** ACTIVITY **
If a record holds a picture, drop the picture and repeat everything else word for word.

>>>>>

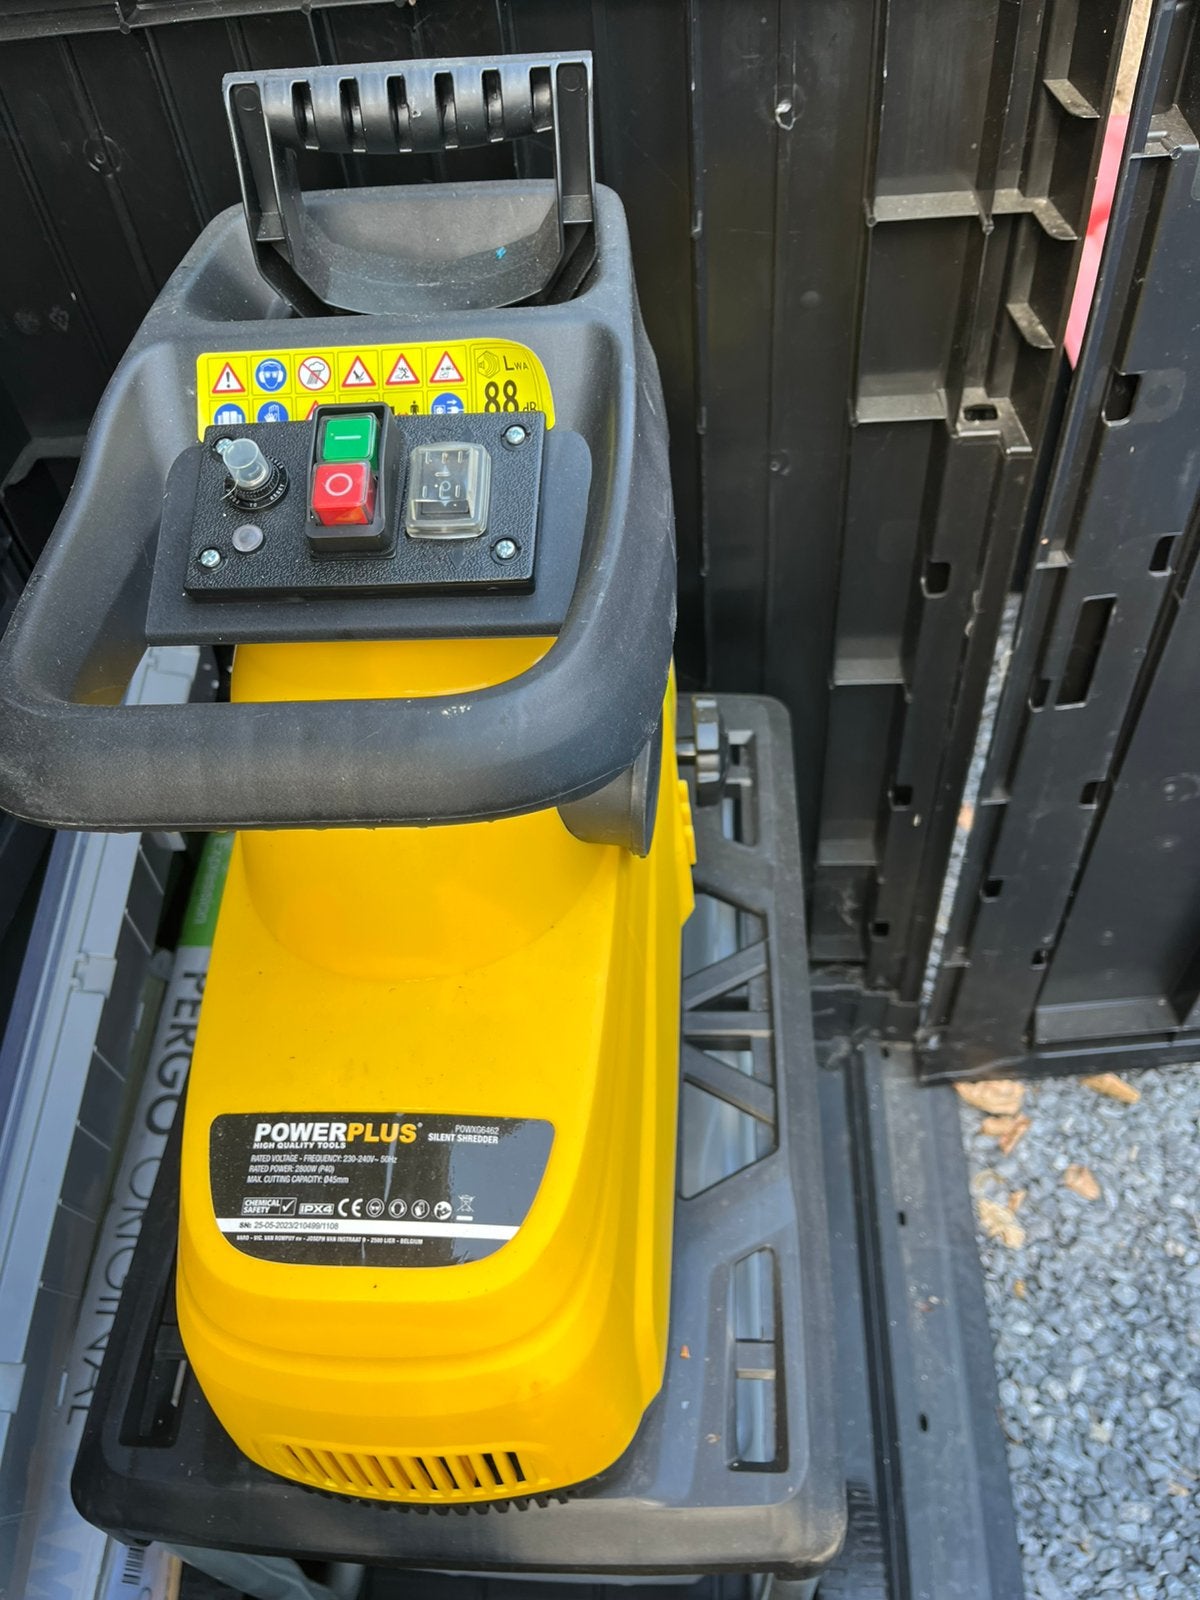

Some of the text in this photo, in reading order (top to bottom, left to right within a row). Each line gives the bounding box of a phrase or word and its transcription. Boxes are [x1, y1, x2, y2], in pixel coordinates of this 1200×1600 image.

[484, 379, 519, 413] 88
[147, 971, 207, 1135] PERGO
[254, 1122, 418, 1143] POWERPLUS
[427, 1132, 499, 1144] SILENT SHREDDER
[253, 1142, 347, 1150] HIGH QUALITY TOOLS
[250, 1154, 271, 1163] RATED
[271, 1154, 298, 1163] VOLTAGE
[248, 1165, 269, 1173] RATED
[263, 1175, 290, 1184] CUTTING
[244, 1199, 281, 1207] CHEMICAL
[243, 1206, 270, 1214] SAFETY
[301, 1204, 333, 1214] IPX4
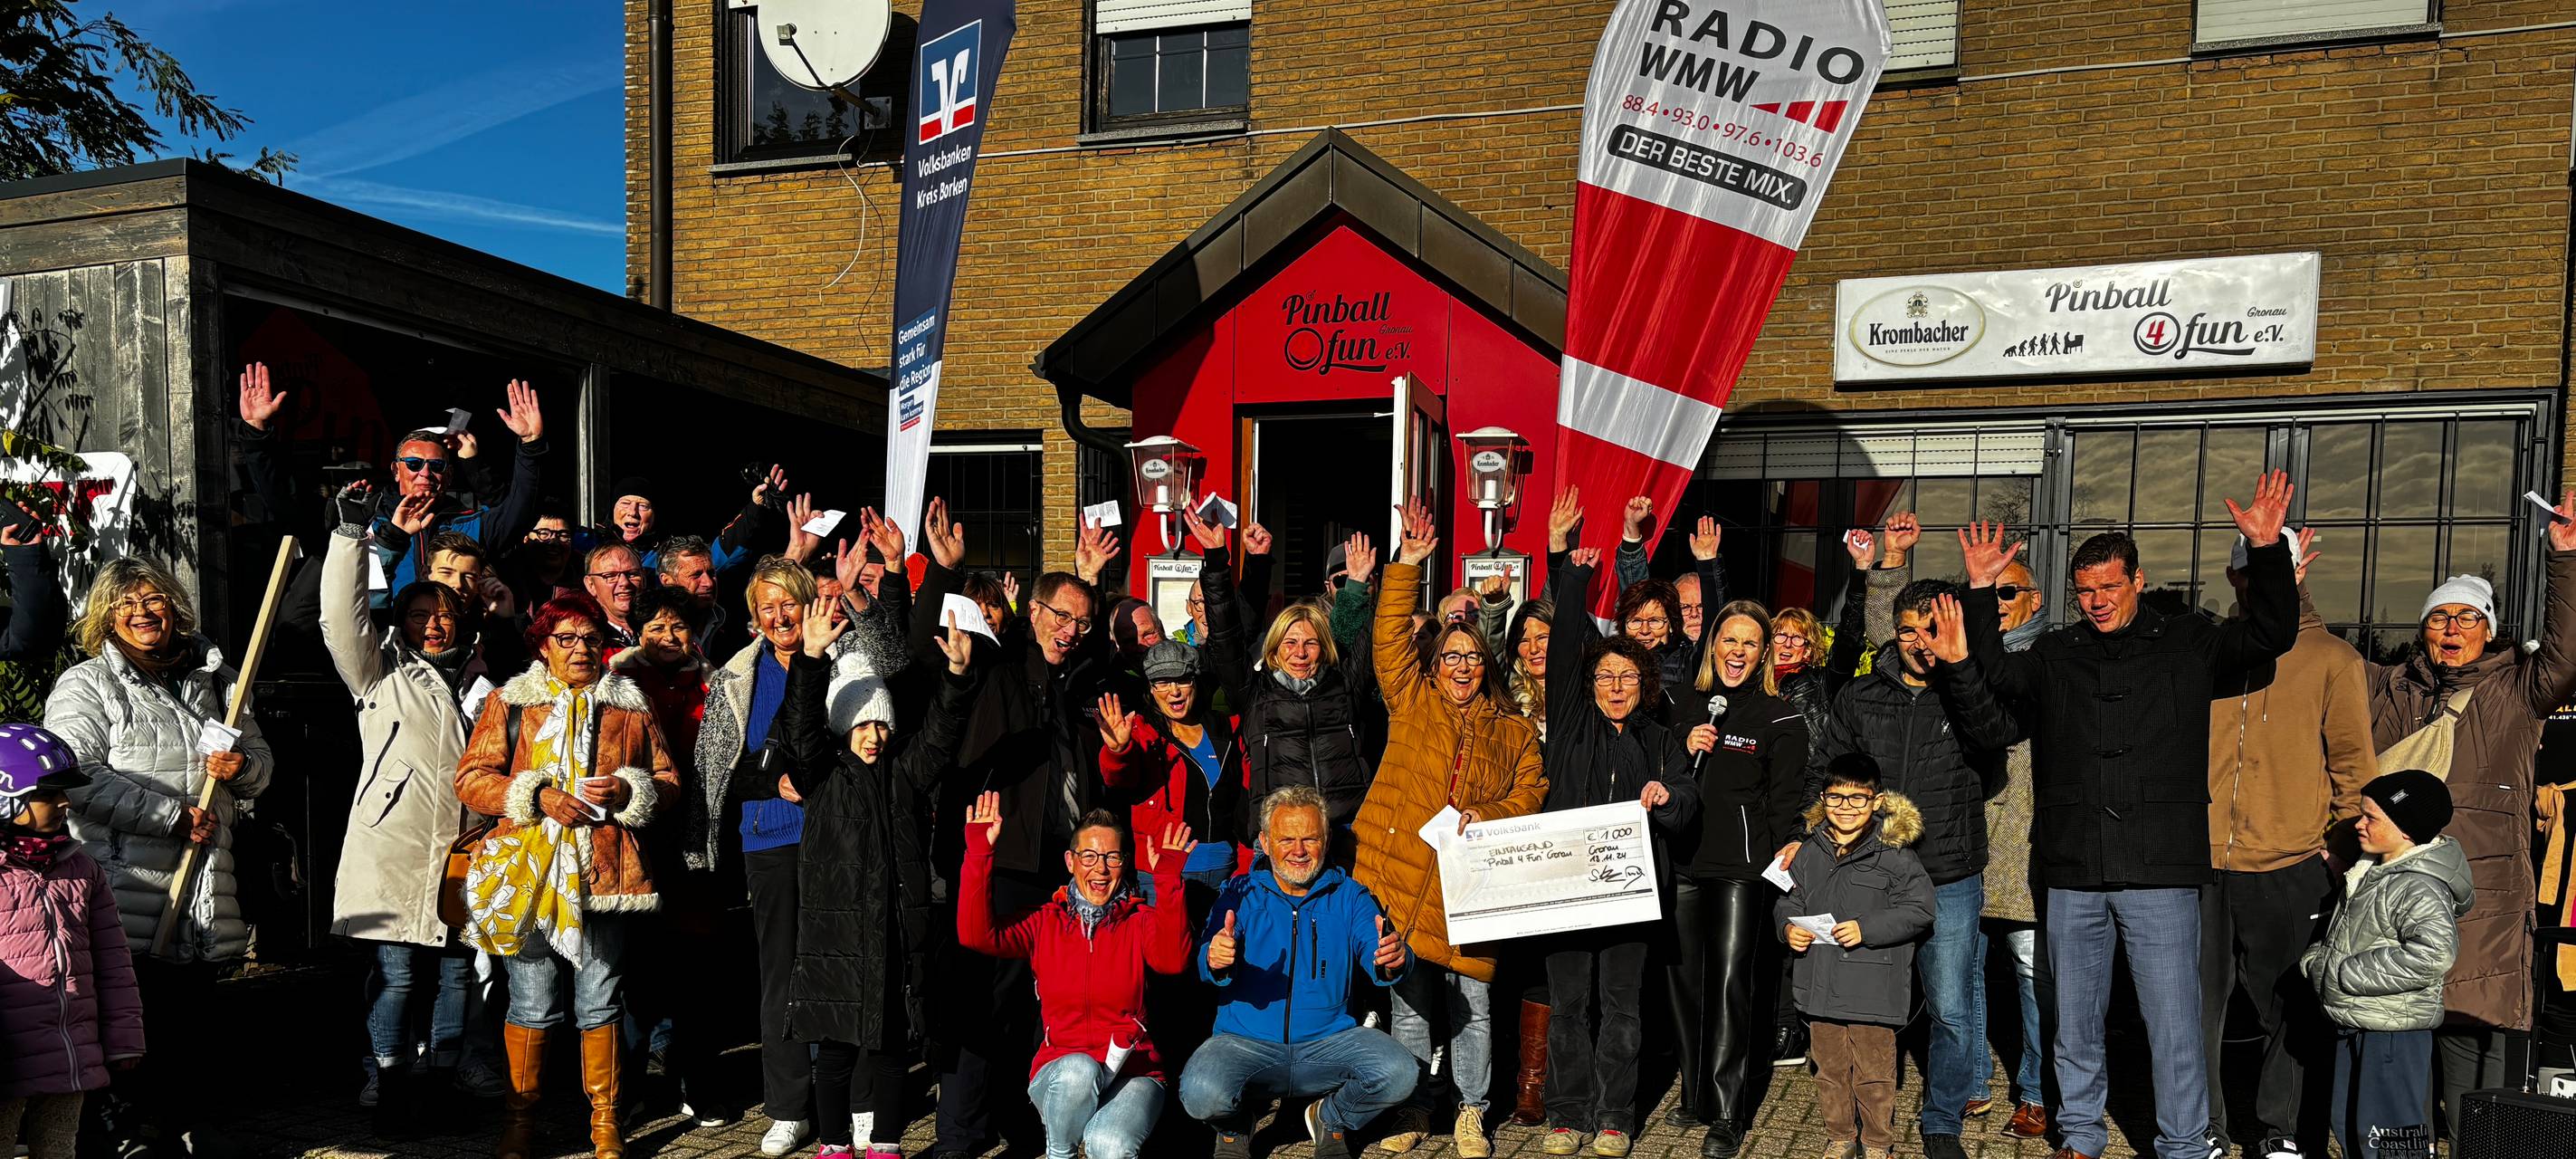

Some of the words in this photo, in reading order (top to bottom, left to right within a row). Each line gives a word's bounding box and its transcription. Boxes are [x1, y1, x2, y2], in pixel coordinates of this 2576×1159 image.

[1649, 0, 1865, 85] RADIO
[1638, 42, 1760, 103] WMW
[1622, 94, 1659, 117] 88.4
[1672, 108, 1710, 131] 93.0
[1722, 123, 1760, 147] 97.6
[1775, 139, 1824, 168] 103.6
[918, 144, 972, 178] Volksbanken
[1618, 131, 1666, 163] DER
[1668, 144, 1743, 186] BESTE
[1743, 170, 1792, 205] MIX.
[917, 184, 939, 209] Kreis
[939, 177, 968, 201] Borken
[1282, 290, 1392, 326] Pinball
[2045, 277, 2172, 312] Pinball
[2247, 306, 2287, 318] Gronau
[898, 314, 935, 345] Gemeinsam
[1868, 320, 1970, 347] Krombacher
[2145, 319, 2166, 347] 4
[2173, 311, 2256, 360] fun
[2254, 323, 2285, 343] e.V.
[899, 347, 916, 369] stark
[916, 341, 926, 360] für
[1319, 329, 1388, 376] fun
[1385, 341, 1412, 359] e.V.
[899, 373, 911, 391] die
[1724, 734, 1757, 745] RADIO
[1724, 740, 1743, 748] WMW
[1485, 822, 1541, 837] Volksbank
[1489, 840, 1554, 857] EINTAUSEND
[1517, 855, 1523, 863] 4
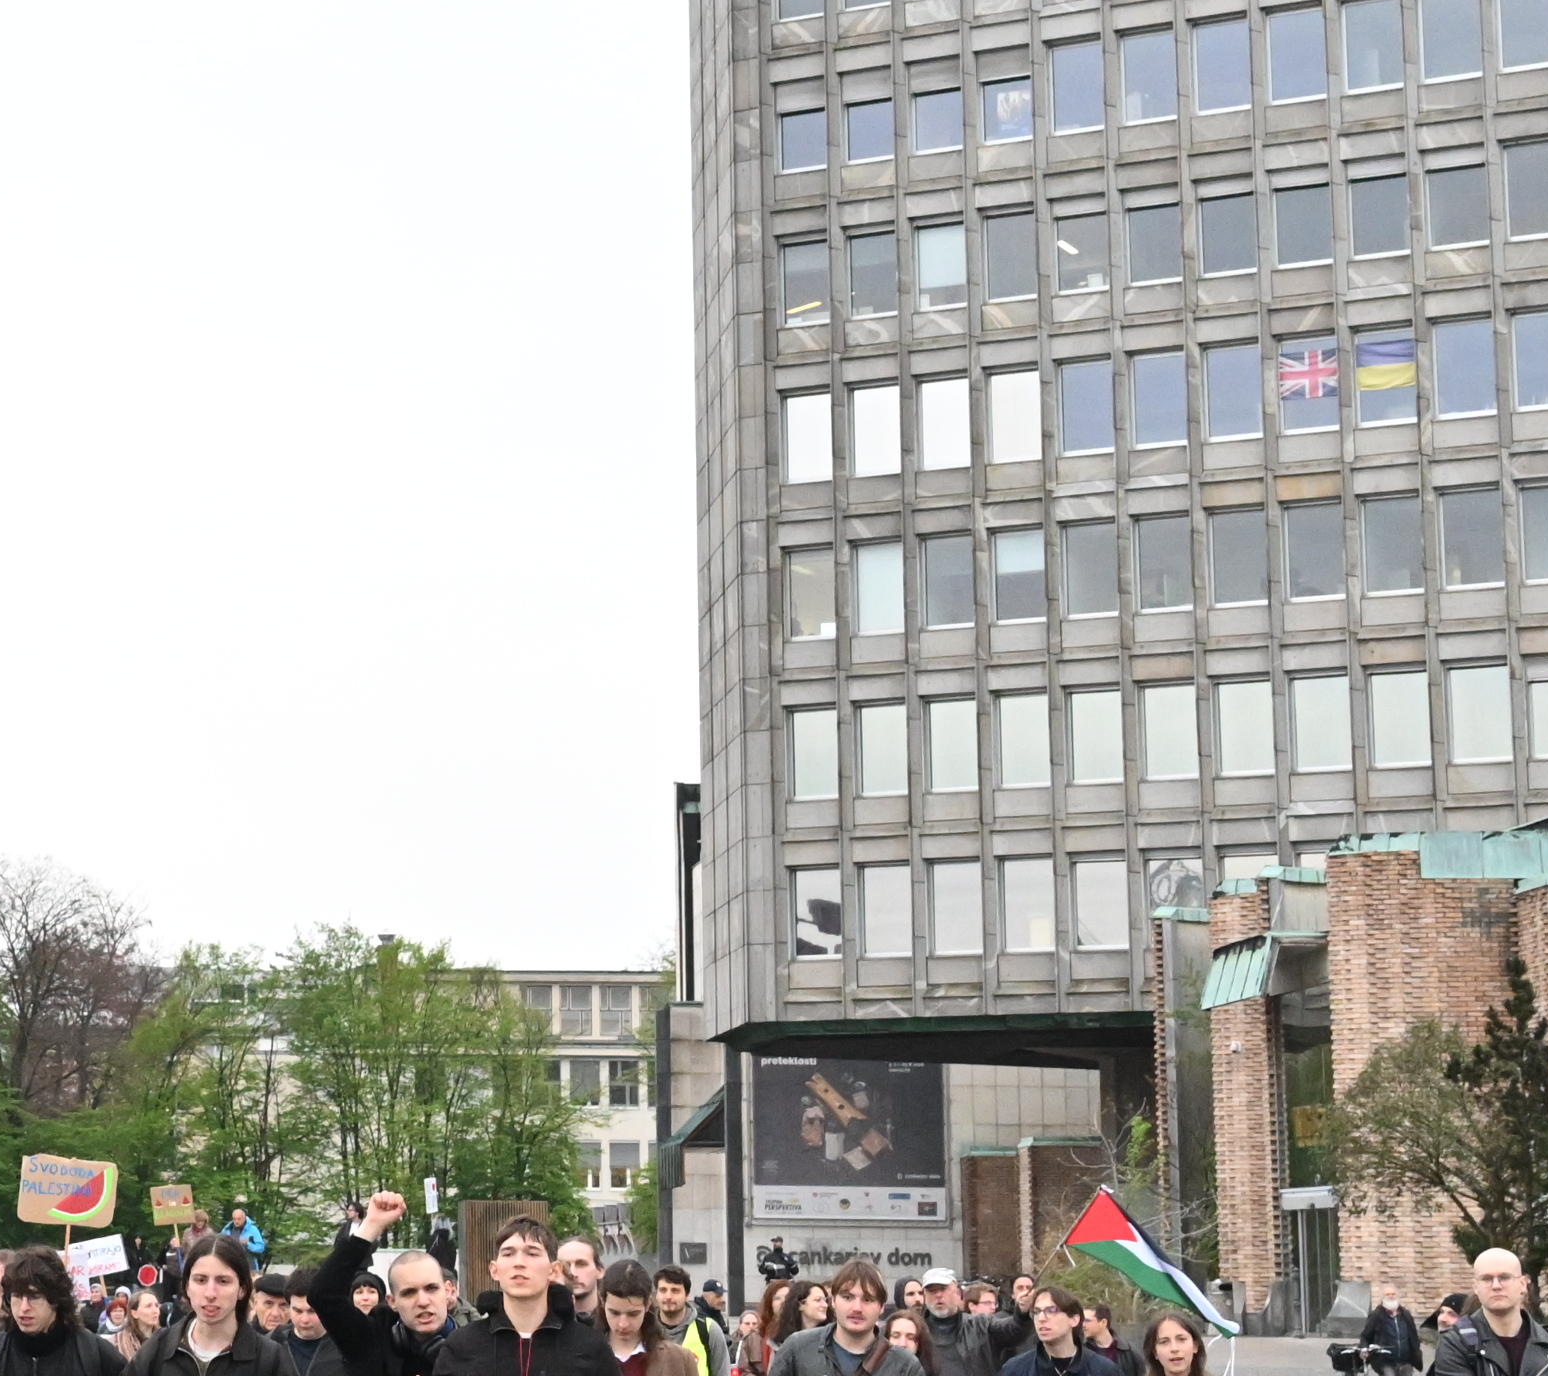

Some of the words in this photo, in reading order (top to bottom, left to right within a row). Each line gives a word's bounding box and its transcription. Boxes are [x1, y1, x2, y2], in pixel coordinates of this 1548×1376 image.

<<<<<

** TASK ANSWER **
Some of the text in this photo, in reading order (top to bottom, left to right within a row). Each line gives the bounding box of a phrase or word and its transcription. Boxes are [x1, y1, x2, y2], in pixel coordinates of this 1200×1600 image.

[484, 379, 519, 413] 88
[147, 971, 207, 1135] PERGO
[254, 1122, 418, 1143] POWERPLUS
[427, 1132, 499, 1144] SILENT SHREDDER
[253, 1142, 347, 1150] HIGH QUALITY TOOLS
[250, 1154, 271, 1163] RATED
[271, 1154, 298, 1163] VOLTAGE
[248, 1165, 269, 1173] RATED
[263, 1175, 290, 1184] CUTTING
[244, 1199, 281, 1207] CHEMICAL
[243, 1206, 270, 1214] SAFETY
[301, 1204, 333, 1214] IPX4

Some of the words in this photo, in reading order (top to bottom, left to right within a row). Each line gives a word's bounding box and its transcription. Boxes are [x1, y1, x2, y2], in pixel coordinates of this 2576×1159 image.

[1649, 0, 1865, 85] RADIO
[1638, 42, 1760, 103] WMW
[1622, 94, 1659, 117] 88.4
[1672, 108, 1710, 131] 93.0
[1722, 123, 1760, 147] 97.6
[1775, 139, 1824, 168] 103.6
[918, 144, 972, 178] Volksbanken
[1618, 131, 1666, 163] DER
[1668, 144, 1743, 186] BESTE
[1743, 170, 1792, 205] MIX.
[917, 184, 939, 209] Kreis
[939, 177, 968, 201] Borken
[1282, 290, 1392, 326] Pinball
[2045, 277, 2172, 312] Pinball
[2247, 306, 2287, 318] Gronau
[898, 314, 935, 345] Gemeinsam
[1868, 320, 1970, 347] Krombacher
[2145, 319, 2166, 347] 4
[2173, 311, 2256, 360] fun
[2254, 323, 2285, 343] e.V.
[899, 347, 916, 369] stark
[916, 341, 926, 360] für
[1319, 329, 1388, 376] fun
[1385, 341, 1412, 359] e.V.
[899, 373, 911, 391] die
[1724, 734, 1757, 745] RADIO
[1724, 740, 1743, 748] WMW
[1485, 822, 1541, 837] Volksbank
[1489, 840, 1554, 857] EINTAUSEND
[1517, 855, 1523, 863] 4

Some of the words in this photo, in reading order (top to bottom, left to right within a row). Each line gives a word's bounding box and its transcription. Boxes are [x1, y1, x2, y2], in pixel coordinates of this 1548×1376 image.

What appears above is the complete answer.